Data Block Start
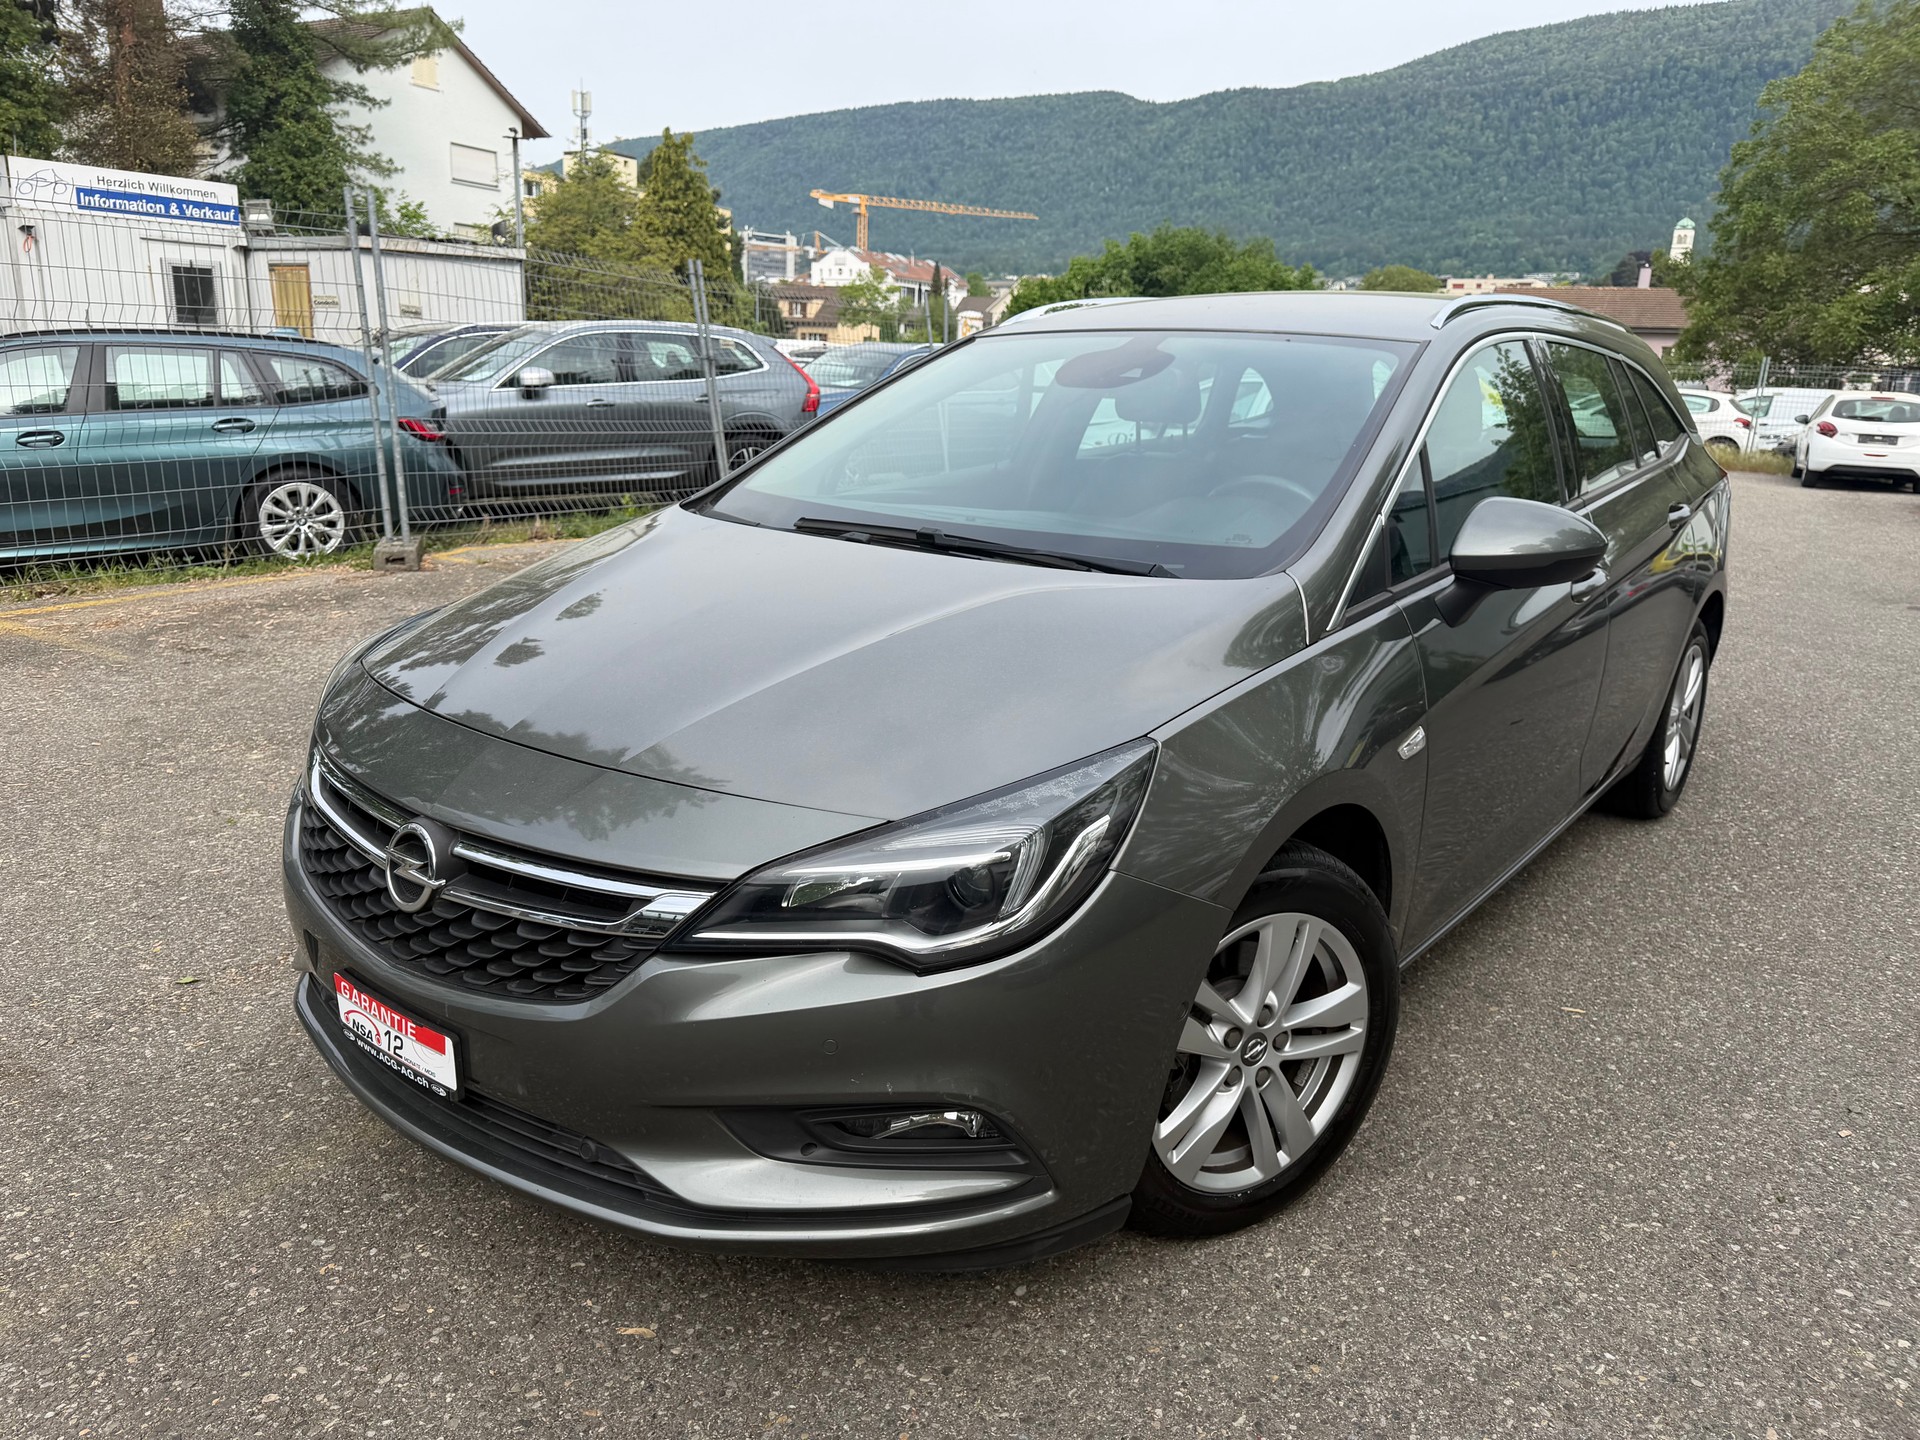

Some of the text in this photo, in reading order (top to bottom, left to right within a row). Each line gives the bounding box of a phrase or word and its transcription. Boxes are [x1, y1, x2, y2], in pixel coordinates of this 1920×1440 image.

[97, 176, 217, 199] Herzlich Willkommen
[79, 192, 235, 222] Information & Verkauf
[340, 981, 417, 1041] GARANTIE
[352, 1018, 374, 1042] NSA
[384, 1029, 404, 1060] 12
[356, 1037, 430, 1089] www.ACG-AG.ch
Data Block End
**Work to complete**
What you return should match the material word for word, apart from the pictures.

**Worked solution**
Some of the text in this photo, in reading order (top to bottom, left to right within a row). Each line gives the bounding box of a phrase or word and its transcription. Boxes are [x1, y1, x2, y2], in pixel coordinates of this 1920×1440 image.

[97, 176, 217, 199] Herzlich Willkommen
[79, 192, 235, 222] Information & Verkauf
[340, 981, 417, 1041] GARANTIE
[352, 1018, 374, 1042] NSA
[384, 1029, 404, 1060] 12
[356, 1037, 430, 1089] www.ACG-AG.ch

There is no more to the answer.